William Bloody Swygart (mrswygart), Wednesday, 27 October 2004 00:13 (twenty-one years ago)

Yes, those last three or four were from the north-east edition. I may have a few of them taped off-air still; i hope i do.

Still struggling to come to any sort of terms about this; especially as it does feel all too likely that we might have seen the end of his sort of ethos; aye, the Reithian ideal, but geared towards independent/alternative ends... it may be possible there could be a national DJ with a notably eclectic taste in records, but it'll take an awful lot of time for anyone to match the broadcasting skills of Peel, and crucially his empathy with all the listeners; he brought a lot more to the table than just a wide musical taste... his whole character was wonderfully reassuring and 'traditional' in some ways, and this, i think, helped him achieve an audience for his music shows...

Marcello is spot-on in mentioning Stanshall and Cutler, btw, in his blog tribute; he did more than any in encouraging these sort of incomparable people. Peel was good in not just going for blanket 'styles' of music, but finding people who didn't fit into 'genres' one iota.

Tom May (Tom May), Wednesday, 27 October 2004 00:33 (twenty-one years ago)

When the day is done, and the ball has spun
In the umpire's pocket away
And all remains is the groundsman's pains
For the rest of time and a day
There'll be one mad dog and his master
Pushing for four with the spin
On a dusty pitch, with two pounds six
Of willowwood in the sun.

When an old cricketer leaves the crease
You never know whether he's gone
If maybe you're catching a fleeting glimpse
Of a twelfth man at silly mid-on.

And it could be Geoff, and it could be John
With a new ball sting in his tail
And it could be me, and it could be thee
And it could be the sting in the ale.

Acme (acme), Wednesday, 27 October 2004 01:43 (twenty-one years ago)

I live in Australia and can only really comprehend the mythical status that John Peel warrants.

I only ever got hear him via the BBC World Service once a week.
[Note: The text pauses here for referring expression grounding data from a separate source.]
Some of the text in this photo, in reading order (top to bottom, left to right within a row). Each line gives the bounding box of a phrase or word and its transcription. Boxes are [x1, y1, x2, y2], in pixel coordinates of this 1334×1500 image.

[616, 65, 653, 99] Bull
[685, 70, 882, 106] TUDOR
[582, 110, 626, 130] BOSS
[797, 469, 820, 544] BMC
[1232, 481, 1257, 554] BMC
In that short space of time they broadcasted his hour-long show, I was totally thankful to finally hear what all the fuss was about after only ever reading about this legend (yes 'legend' is now offical) in UK mags such as NME, Record Collector, MOJO, and radio guides.

It's weird, tears have welled up after reading everyone's posts, and yet, I too, feel I've taken the same journey as others on ILM. He was the "Indie Uncle" I never knew! The respect I garnered for him was due to what I'd read other than heard. Damn! I just wish I had a friend in England who could have sent me regular tapes of his shows, looking back.
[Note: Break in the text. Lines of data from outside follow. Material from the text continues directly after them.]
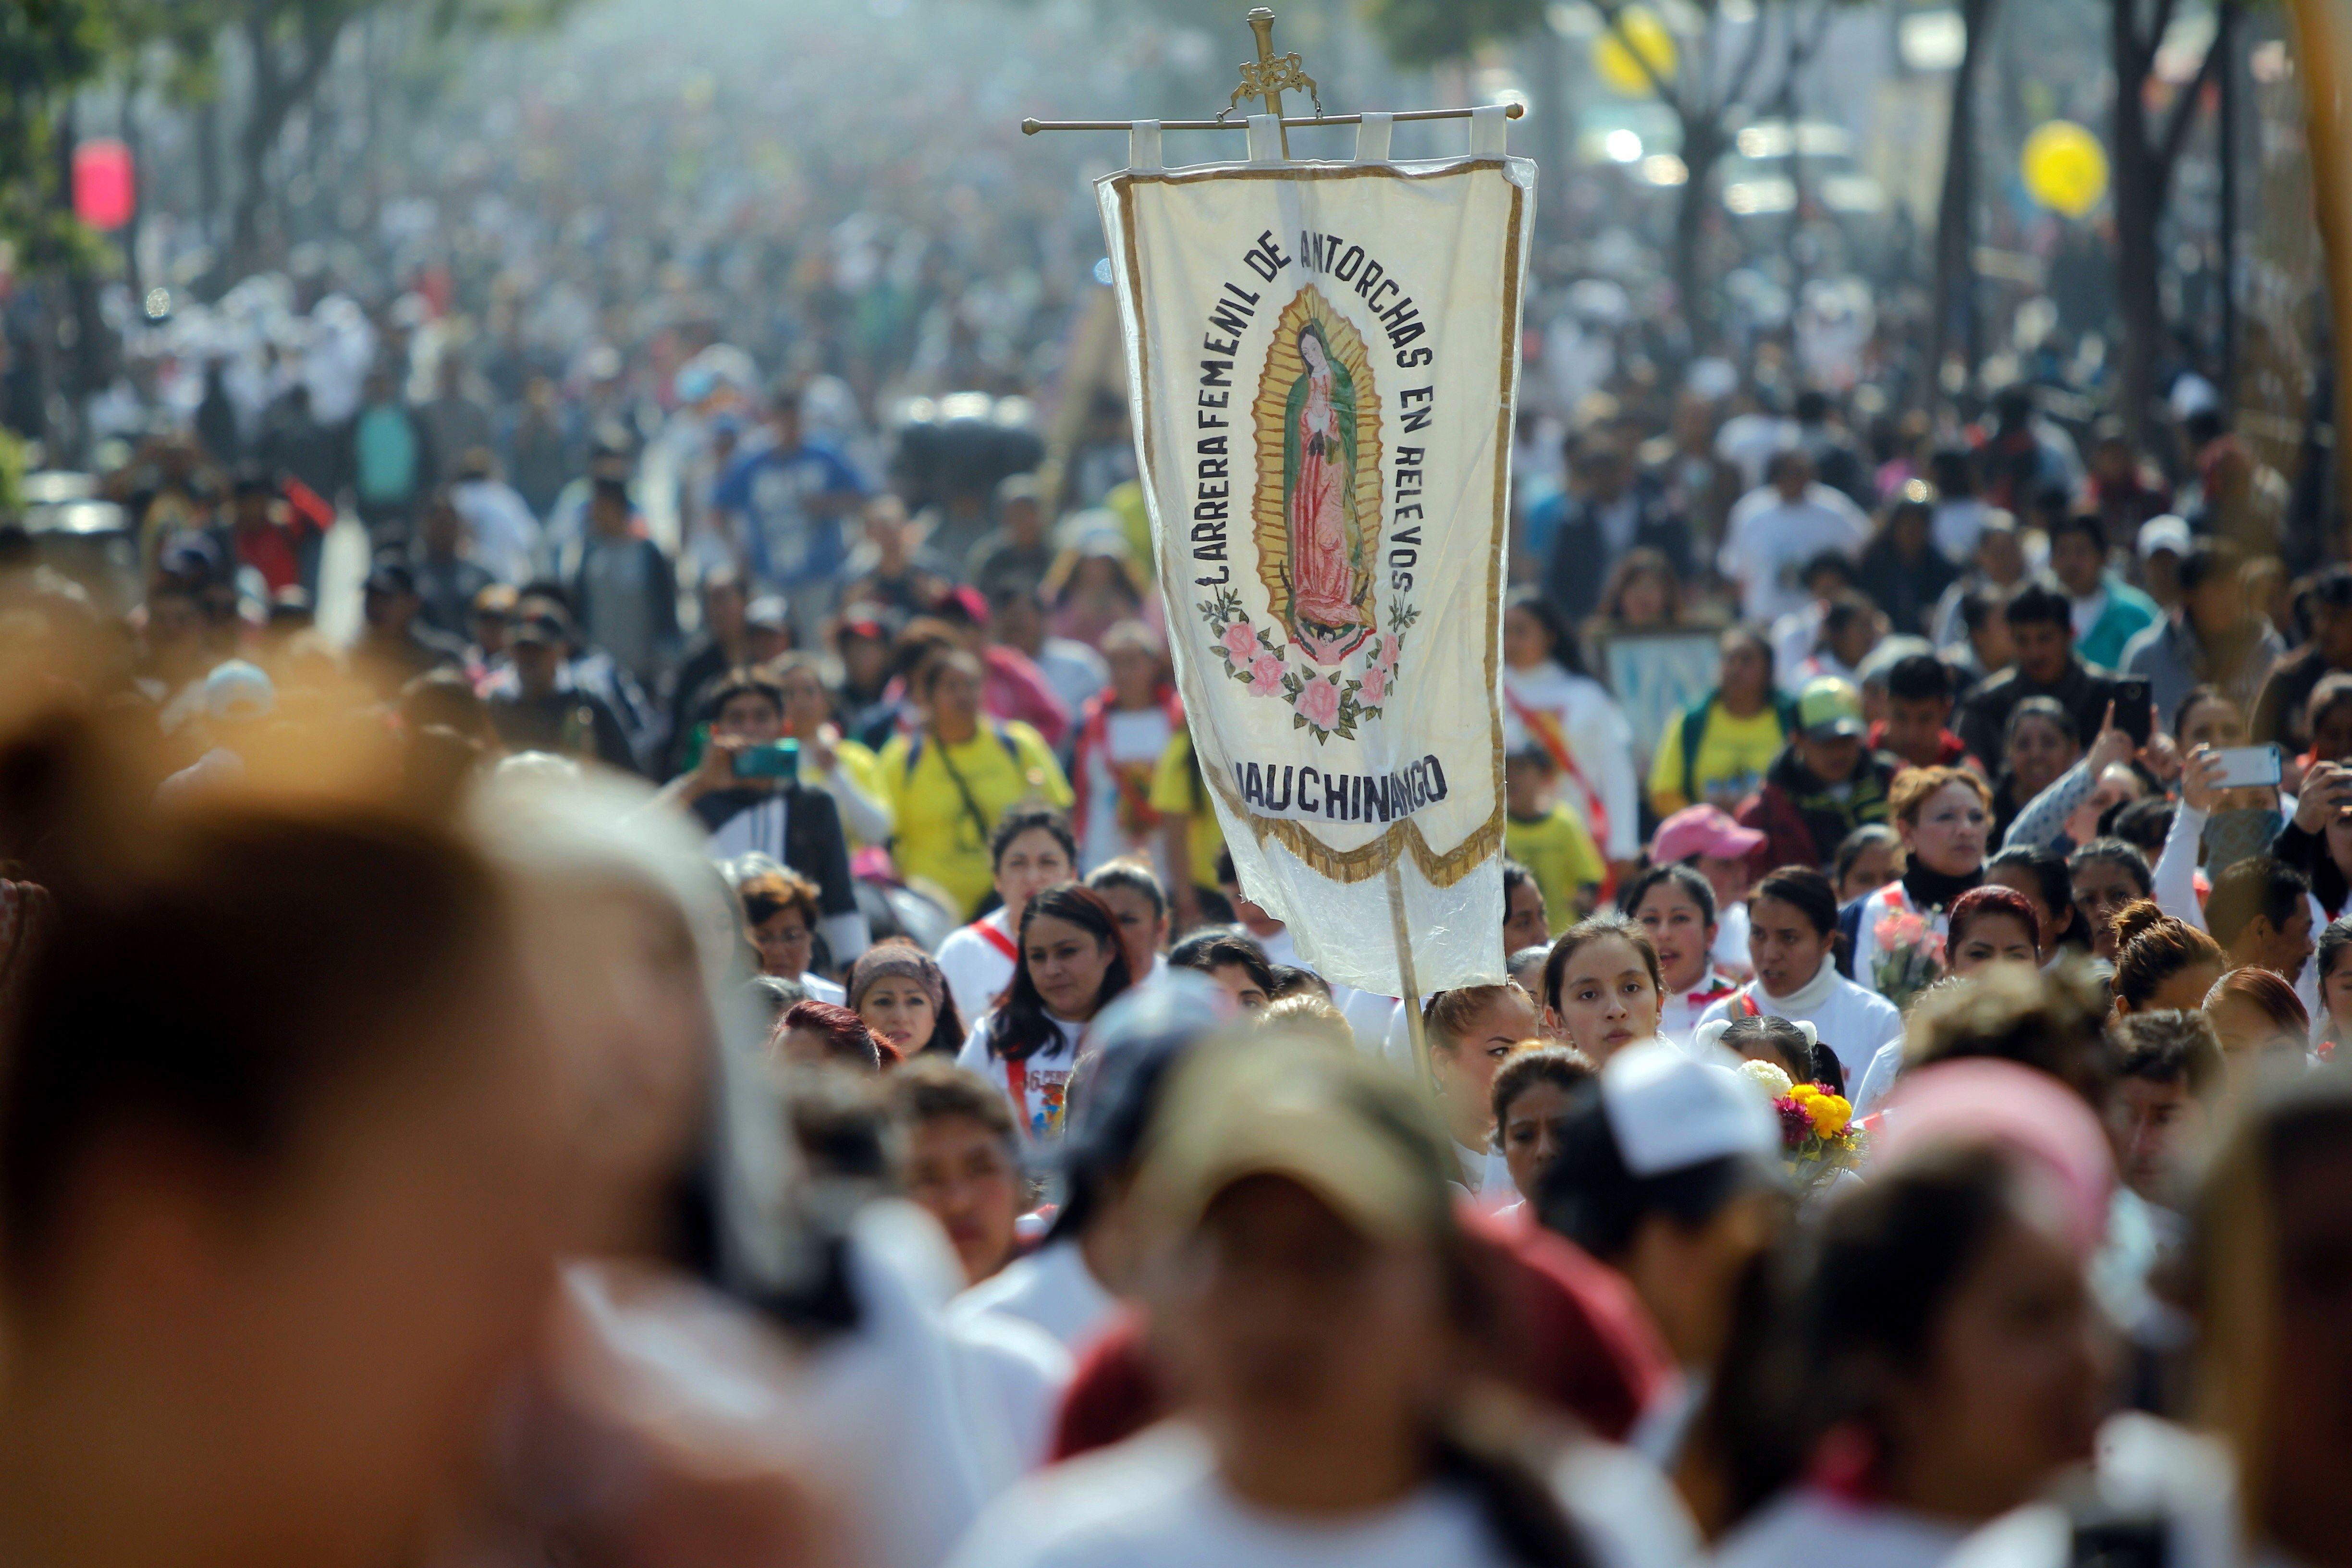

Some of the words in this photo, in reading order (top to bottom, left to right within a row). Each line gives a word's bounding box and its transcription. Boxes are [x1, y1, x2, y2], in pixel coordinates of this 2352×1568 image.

[1243, 230, 1292, 283] DE
[1300, 230, 1433, 368] ANTORCHAS
[1198, 282, 1261, 429] FEMENIL
[1400, 385, 1433, 434] EN
[1389, 446, 1426, 592] RELEVOS
My sympathies go out to everyone who sheltered under his musical umbrella: he would have been the only reason I wished I was a teenager throughout the '70s.
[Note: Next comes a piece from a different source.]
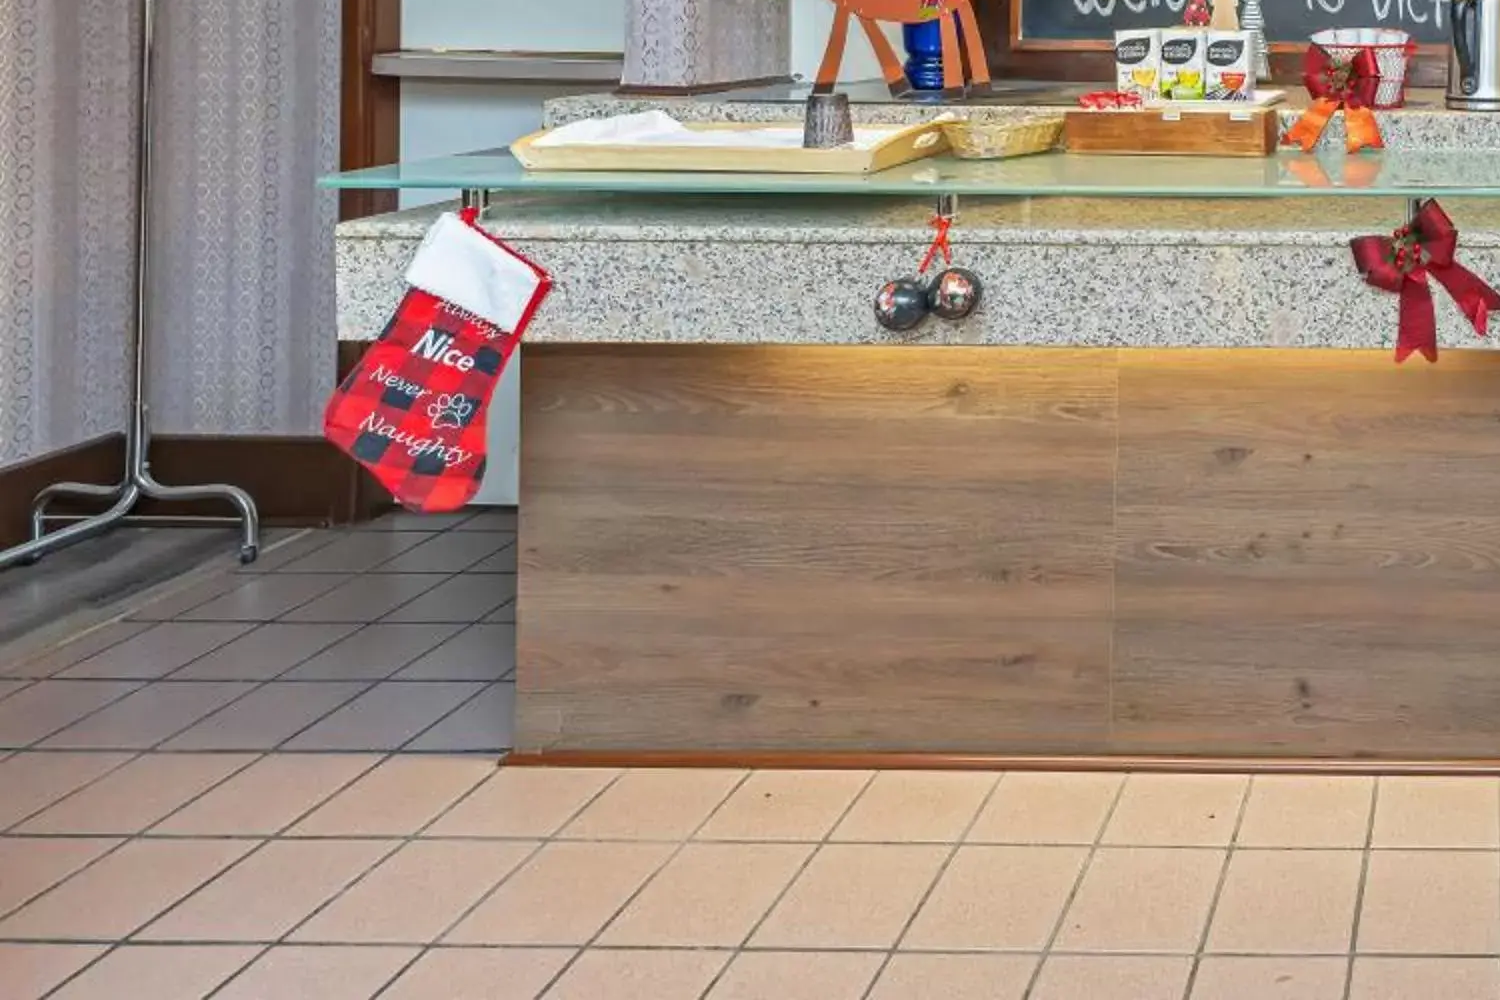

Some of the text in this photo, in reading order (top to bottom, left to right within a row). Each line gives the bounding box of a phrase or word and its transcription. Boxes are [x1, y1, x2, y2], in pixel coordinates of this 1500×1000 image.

[411, 326, 475, 372] Nice
[369, 364, 433, 399] Never
[358, 411, 473, 467] Naughty
To quote one of the great '80s bands he so championed.."There is a light that never goes out...".

Rest In Eternal Peace" John Peel

herbalizer12 (herbalizer12), Wednesday, 27 October 2004 03:23 (twenty-one years ago)

His contributions were many and great. He'll be missed.

Andrew (enneff), Wednesday, 27 October 2004 03:26 (twenty-one years ago)

JOHN PEEL: The formidable alterno-colossus was the tramp-resembling bloke scowling at the back of that infamous original R1 group photo on the steps of All Soul's Church by Broadcasting House. He'd got there via California, Dallas and the heady days of the 60s pirate stations, but John Robert Parker Ravenscroft (as we're duty bound to refer to him), despite often embodying the exact opposite of many of the station's favourite fly-by-nights, has remained a solid fixture on The One ever since, mostly by dint of being any good. From the days of the wonderfully of-its-time Perfumed Garden and Top Gear, through prog, punk, "new wave" (Gang Of Four and Wire, generally), "indie" (anything on Beggars Banquet and Factory, generally), and onwards, The Peel has championed and promoted the best (and, to be fair, a good measure of the worst - Carcass, anyone?) music of the last three-plus decades, without ever appearing a bandwagon-jumper. Show, until recently, always introed with the increasingly inappropriate blues plodding of Grinderswitch. But at least as much as the music, the manner maketh the man, and the eternally-bearded (even his voice seems to have a beard these days) JP has, in spite of himself, developed an unmistakeable aural persona. Playing records at the wrong speed (still, after about 40 years in which to get it right); never talking over a fade-out if he can help it (often resulting in a battle of wits with some avant-garde stop-start-ending disc); continually praising The Fall above most everything else except Liverpool FC (nothing wrong there); continually bemoaning the state (ie lack of Fall songs) of the reader-voted and self-compiled Festive 50 chart; odd, whimsical shaggy dog anecdotes about his kids meeting the bloke out of Napalm Death on a ferry, or buying underpants; odd, silly anecdotes about long-time producer John "What's on!" Walters etc etc. It all sounds frighteningly misconstrued, but it works, generally due to Peel's unforced and self-effacing on-air style, unlike his one-time sworn enemy The Bates (fact - the only two people in the world who hate John Peel are Bates and the singer off The Pooh Sticks. Enough said.) Still with R1, and is unlikely to be shifted in the foreseeable future - pipe, slippers and fucking in the streets.

courtesy of TV Cream (UK)

herbalizer12 (herbalizer12), Wednesday, 27 October 2004 03:51 (twenty-one years ago)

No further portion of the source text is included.